Directions for this task: Every record must come back exactly as given.

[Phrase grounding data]

□ □ □

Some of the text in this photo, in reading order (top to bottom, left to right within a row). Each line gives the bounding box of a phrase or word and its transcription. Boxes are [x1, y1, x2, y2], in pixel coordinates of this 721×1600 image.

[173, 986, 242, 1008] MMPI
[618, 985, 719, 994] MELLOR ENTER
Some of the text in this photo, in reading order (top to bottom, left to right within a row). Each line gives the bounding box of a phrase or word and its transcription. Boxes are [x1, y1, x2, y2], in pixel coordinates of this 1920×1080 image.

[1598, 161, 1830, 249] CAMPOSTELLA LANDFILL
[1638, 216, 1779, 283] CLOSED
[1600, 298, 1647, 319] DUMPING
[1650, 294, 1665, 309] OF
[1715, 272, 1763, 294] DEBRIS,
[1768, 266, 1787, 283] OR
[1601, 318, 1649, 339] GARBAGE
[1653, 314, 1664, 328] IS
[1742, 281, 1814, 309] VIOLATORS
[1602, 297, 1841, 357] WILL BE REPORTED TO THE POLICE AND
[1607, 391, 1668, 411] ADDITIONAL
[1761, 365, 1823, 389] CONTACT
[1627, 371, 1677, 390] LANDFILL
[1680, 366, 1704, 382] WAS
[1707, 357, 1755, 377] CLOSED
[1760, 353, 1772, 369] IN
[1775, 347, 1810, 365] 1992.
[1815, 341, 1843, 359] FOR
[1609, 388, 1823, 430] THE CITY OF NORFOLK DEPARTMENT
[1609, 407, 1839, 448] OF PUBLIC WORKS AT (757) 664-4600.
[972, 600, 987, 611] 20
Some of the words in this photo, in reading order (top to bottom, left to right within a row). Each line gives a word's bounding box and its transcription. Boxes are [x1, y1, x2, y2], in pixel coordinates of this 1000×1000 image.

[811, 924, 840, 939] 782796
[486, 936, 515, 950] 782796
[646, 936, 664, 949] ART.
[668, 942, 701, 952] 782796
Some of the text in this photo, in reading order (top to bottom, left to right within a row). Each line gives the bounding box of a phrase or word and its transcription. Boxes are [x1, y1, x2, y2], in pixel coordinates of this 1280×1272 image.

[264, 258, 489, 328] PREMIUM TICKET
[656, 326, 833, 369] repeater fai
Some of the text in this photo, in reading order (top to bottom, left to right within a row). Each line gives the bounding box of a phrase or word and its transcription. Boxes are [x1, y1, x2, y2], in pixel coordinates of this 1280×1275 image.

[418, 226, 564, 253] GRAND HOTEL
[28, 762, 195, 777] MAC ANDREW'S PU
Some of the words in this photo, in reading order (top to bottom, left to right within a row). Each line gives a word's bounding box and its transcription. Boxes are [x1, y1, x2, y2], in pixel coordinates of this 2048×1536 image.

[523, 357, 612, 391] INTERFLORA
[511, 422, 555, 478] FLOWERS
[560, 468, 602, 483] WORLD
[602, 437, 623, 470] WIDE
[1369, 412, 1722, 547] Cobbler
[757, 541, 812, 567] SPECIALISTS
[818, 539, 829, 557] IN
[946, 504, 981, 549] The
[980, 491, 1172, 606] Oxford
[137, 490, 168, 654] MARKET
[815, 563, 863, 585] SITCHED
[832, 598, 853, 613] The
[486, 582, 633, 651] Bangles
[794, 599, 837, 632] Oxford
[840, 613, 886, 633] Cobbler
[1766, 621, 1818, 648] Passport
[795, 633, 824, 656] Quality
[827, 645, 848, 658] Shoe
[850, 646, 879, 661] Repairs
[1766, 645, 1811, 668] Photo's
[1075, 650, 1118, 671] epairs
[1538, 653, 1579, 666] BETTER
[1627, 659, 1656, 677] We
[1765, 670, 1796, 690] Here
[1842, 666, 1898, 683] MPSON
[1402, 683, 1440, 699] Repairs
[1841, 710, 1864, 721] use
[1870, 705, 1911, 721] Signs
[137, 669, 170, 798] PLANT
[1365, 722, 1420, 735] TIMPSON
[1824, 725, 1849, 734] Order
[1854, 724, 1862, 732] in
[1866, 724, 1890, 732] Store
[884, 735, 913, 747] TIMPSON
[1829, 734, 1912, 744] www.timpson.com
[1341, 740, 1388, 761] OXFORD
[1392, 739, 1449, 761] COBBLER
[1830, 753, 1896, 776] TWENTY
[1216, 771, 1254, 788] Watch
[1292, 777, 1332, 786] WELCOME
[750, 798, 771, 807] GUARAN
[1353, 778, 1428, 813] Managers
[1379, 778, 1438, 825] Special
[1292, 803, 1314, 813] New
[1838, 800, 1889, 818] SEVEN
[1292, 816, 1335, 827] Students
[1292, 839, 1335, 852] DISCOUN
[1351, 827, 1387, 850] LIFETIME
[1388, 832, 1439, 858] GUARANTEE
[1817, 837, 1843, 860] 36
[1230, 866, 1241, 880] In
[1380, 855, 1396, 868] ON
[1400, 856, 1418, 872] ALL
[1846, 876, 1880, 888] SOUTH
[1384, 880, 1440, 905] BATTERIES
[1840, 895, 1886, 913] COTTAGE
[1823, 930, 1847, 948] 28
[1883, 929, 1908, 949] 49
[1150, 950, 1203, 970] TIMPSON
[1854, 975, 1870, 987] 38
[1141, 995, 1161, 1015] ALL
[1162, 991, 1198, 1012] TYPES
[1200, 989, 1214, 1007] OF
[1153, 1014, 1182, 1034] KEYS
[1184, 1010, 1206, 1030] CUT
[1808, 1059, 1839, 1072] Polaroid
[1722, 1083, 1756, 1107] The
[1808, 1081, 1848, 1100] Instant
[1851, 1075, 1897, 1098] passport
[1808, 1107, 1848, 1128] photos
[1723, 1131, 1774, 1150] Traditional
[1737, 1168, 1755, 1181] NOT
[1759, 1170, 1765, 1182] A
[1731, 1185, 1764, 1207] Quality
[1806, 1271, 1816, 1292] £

□ □ □

Written response:
Some of the text in this photo, in reading order (top to bottom, left to right within a row). Each line gives the bounding box of a phrase or word and its transcription. Boxes are [x1, y1, x2, y2], in pixel coordinates of this 721×1600 image.

[173, 986, 242, 1008] MMPI
[618, 985, 719, 994] MELLOR ENTER
Some of the text in this photo, in reading order (top to bottom, left to right within a row). Each line gives the bounding box of a phrase or word and its transcription. Boxes are [x1, y1, x2, y2], in pixel coordinates of this 1920×1080 image.

[1598, 161, 1830, 249] CAMPOSTELLA LANDFILL
[1638, 216, 1779, 283] CLOSED
[1600, 298, 1647, 319] DUMPING
[1650, 294, 1665, 309] OF
[1715, 272, 1763, 294] DEBRIS,
[1768, 266, 1787, 283] OR
[1601, 318, 1649, 339] GARBAGE
[1653, 314, 1664, 328] IS
[1742, 281, 1814, 309] VIOLATORS
[1602, 297, 1841, 357] WILL BE REPORTED TO THE POLICE AND
[1607, 391, 1668, 411] ADDITIONAL
[1761, 365, 1823, 389] CONTACT
[1627, 371, 1677, 390] LANDFILL
[1680, 366, 1704, 382] WAS
[1707, 357, 1755, 377] CLOSED
[1760, 353, 1772, 369] IN
[1775, 347, 1810, 365] 1992.
[1815, 341, 1843, 359] FOR
[1609, 388, 1823, 430] THE CITY OF NORFOLK DEPARTMENT
[1609, 407, 1839, 448] OF PUBLIC WORKS AT (757) 664-4600.
[972, 600, 987, 611] 20
Some of the words in this photo, in reading order (top to bottom, left to right within a row). Each line gives a word's bounding box and its transcription. Boxes are [x1, y1, x2, y2], in pixel coordinates of this 1000×1000 image.

[811, 924, 840, 939] 782796
[486, 936, 515, 950] 782796
[646, 936, 664, 949] ART.
[668, 942, 701, 952] 782796
Some of the text in this photo, in reading order (top to bottom, left to right within a row). Each line gives the bounding box of a phrase or word and its transcription. Boxes are [x1, y1, x2, y2], in pixel coordinates of this 1280×1272 image.

[264, 258, 489, 328] PREMIUM TICKET
[656, 326, 833, 369] repeater fai
Some of the text in this photo, in reading order (top to bottom, left to right within a row). Each line gives the bounding box of a phrase or word and its transcription. Boxes are [x1, y1, x2, y2], in pixel coordinates of this 1280×1275 image.

[418, 226, 564, 253] GRAND HOTEL
[28, 762, 195, 777] MAC ANDREW'S PU
Some of the words in this photo, in reading order (top to bottom, left to right within a row). Each line gives a word's bounding box and its transcription. Boxes are [x1, y1, x2, y2], in pixel coordinates of this 2048×1536 image.

[523, 357, 612, 391] INTERFLORA
[511, 422, 555, 478] FLOWERS
[560, 468, 602, 483] WORLD
[602, 437, 623, 470] WIDE
[1369, 412, 1722, 547] Cobbler
[757, 541, 812, 567] SPECIALISTS
[818, 539, 829, 557] IN
[946, 504, 981, 549] The
[980, 491, 1172, 606] Oxford
[137, 490, 168, 654] MARKET
[815, 563, 863, 585] SITCHED
[832, 598, 853, 613] The
[486, 582, 633, 651] Bangles
[794, 599, 837, 632] Oxford
[840, 613, 886, 633] Cobbler
[1766, 621, 1818, 648] Passport
[795, 633, 824, 656] Quality
[827, 645, 848, 658] Shoe
[850, 646, 879, 661] Repairs
[1766, 645, 1811, 668] Photo's
[1075, 650, 1118, 671] epairs
[1538, 653, 1579, 666] BETTER
[1627, 659, 1656, 677] We
[1765, 670, 1796, 690] Here
[1842, 666, 1898, 683] MPSON
[1402, 683, 1440, 699] Repairs
[1841, 710, 1864, 721] use
[1870, 705, 1911, 721] Signs
[137, 669, 170, 798] PLANT
[1365, 722, 1420, 735] TIMPSON
[1824, 725, 1849, 734] Order
[1854, 724, 1862, 732] in
[1866, 724, 1890, 732] Store
[884, 735, 913, 747] TIMPSON
[1829, 734, 1912, 744] www.timpson.com
[1341, 740, 1388, 761] OXFORD
[1392, 739, 1449, 761] COBBLER
[1830, 753, 1896, 776] TWENTY
[1216, 771, 1254, 788] Watch
[1292, 777, 1332, 786] WELCOME
[750, 798, 771, 807] GUARAN
[1353, 778, 1428, 813] Managers
[1379, 778, 1438, 825] Special
[1292, 803, 1314, 813] New
[1838, 800, 1889, 818] SEVEN
[1292, 816, 1335, 827] Students
[1292, 839, 1335, 852] DISCOUN
[1351, 827, 1387, 850] LIFETIME
[1388, 832, 1439, 858] GUARANTEE
[1817, 837, 1843, 860] 36
[1230, 866, 1241, 880] In
[1380, 855, 1396, 868] ON
[1400, 856, 1418, 872] ALL
[1846, 876, 1880, 888] SOUTH
[1384, 880, 1440, 905] BATTERIES
[1840, 895, 1886, 913] COTTAGE
[1823, 930, 1847, 948] 28
[1883, 929, 1908, 949] 49
[1150, 950, 1203, 970] TIMPSON
[1854, 975, 1870, 987] 38
[1141, 995, 1161, 1015] ALL
[1162, 991, 1198, 1012] TYPES
[1200, 989, 1214, 1007] OF
[1153, 1014, 1182, 1034] KEYS
[1184, 1010, 1206, 1030] CUT
[1808, 1059, 1839, 1072] Polaroid
[1722, 1083, 1756, 1107] The
[1808, 1081, 1848, 1100] Instant
[1851, 1075, 1897, 1098] passport
[1808, 1107, 1848, 1128] photos
[1723, 1131, 1774, 1150] Traditional
[1737, 1168, 1755, 1181] NOT
[1759, 1170, 1765, 1182] A
[1731, 1185, 1764, 1207] Quality
[1806, 1271, 1816, 1292] £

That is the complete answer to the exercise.